What Happened Next? After the Supreme Court of the United States, in 1954, overturned its earlier validation of “separate but equal” schools, hospitals, public washrooms, busses and trains for Blacks and Whites, and told the Topeka Board of Education that segregated education is in breach of the Fourteenth Amendment of the Constitution? After US Marshalls and federalised National Guardsmen were required to enforce the Court’s ruling? 

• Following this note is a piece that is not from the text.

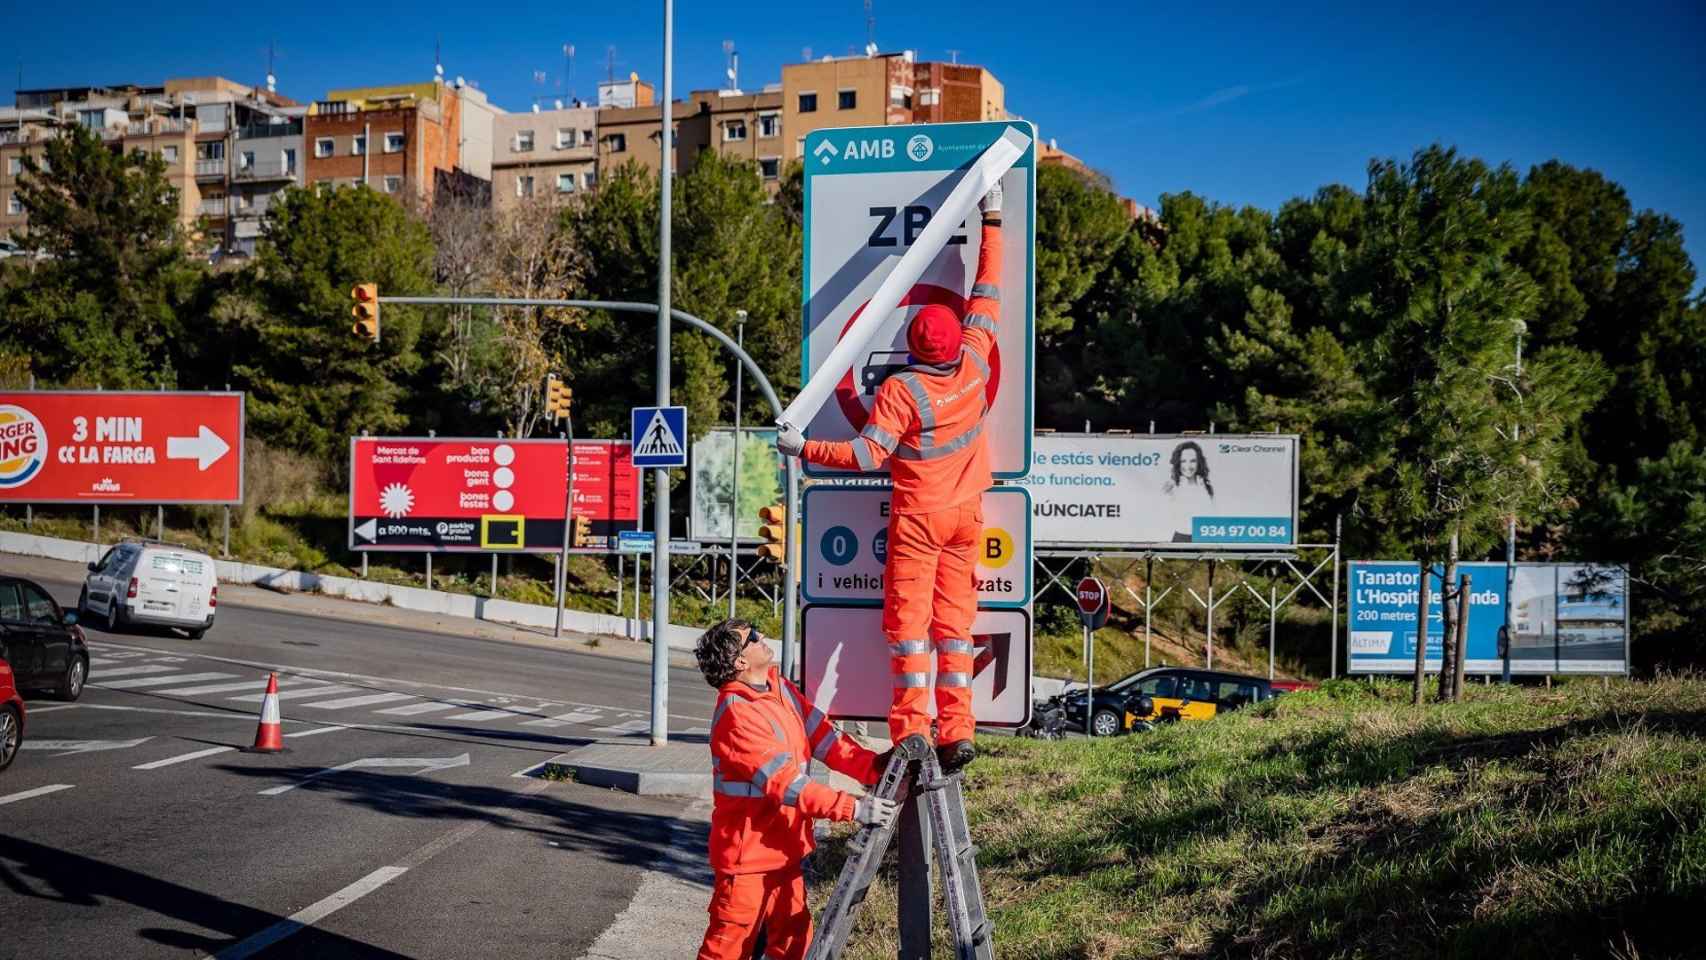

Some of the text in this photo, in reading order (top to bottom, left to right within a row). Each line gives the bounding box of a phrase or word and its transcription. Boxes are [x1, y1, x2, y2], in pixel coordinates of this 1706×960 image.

SEE WHAT HAPPENS when you convince yourself that your principles are self-evident, true and universal? When all evidence to the contrary is simply pushed to one side and dismissed as aberrant or insignificant?

See what happens when you give up on the prospect of ever persuading Southern Whites to abandon Jim Crow? When your fear of the Klan overwhelms your determination to change the hearts and minds of your neighbours. When you turn, instead, to the civil rights lawyers and begin the long, painful ascent through state and federal, courts. When, in 1954, the Supreme Court of the United States overturns its earlier validation of “separate but equal” schools, hospitals, public washrooms, busses and trains for Blacks and Whites, and tells the Topeka Board of Education that segregated education is in breach of the Fourteenth Amendment of the Constitution. When US Marshalls and federalised National Guardsmen are required to enforce the Court’s ruling. When all that Southern Whites see are the ghosts of the Union soldiers who occupied the defeated Confederacy at the end of the Civil War.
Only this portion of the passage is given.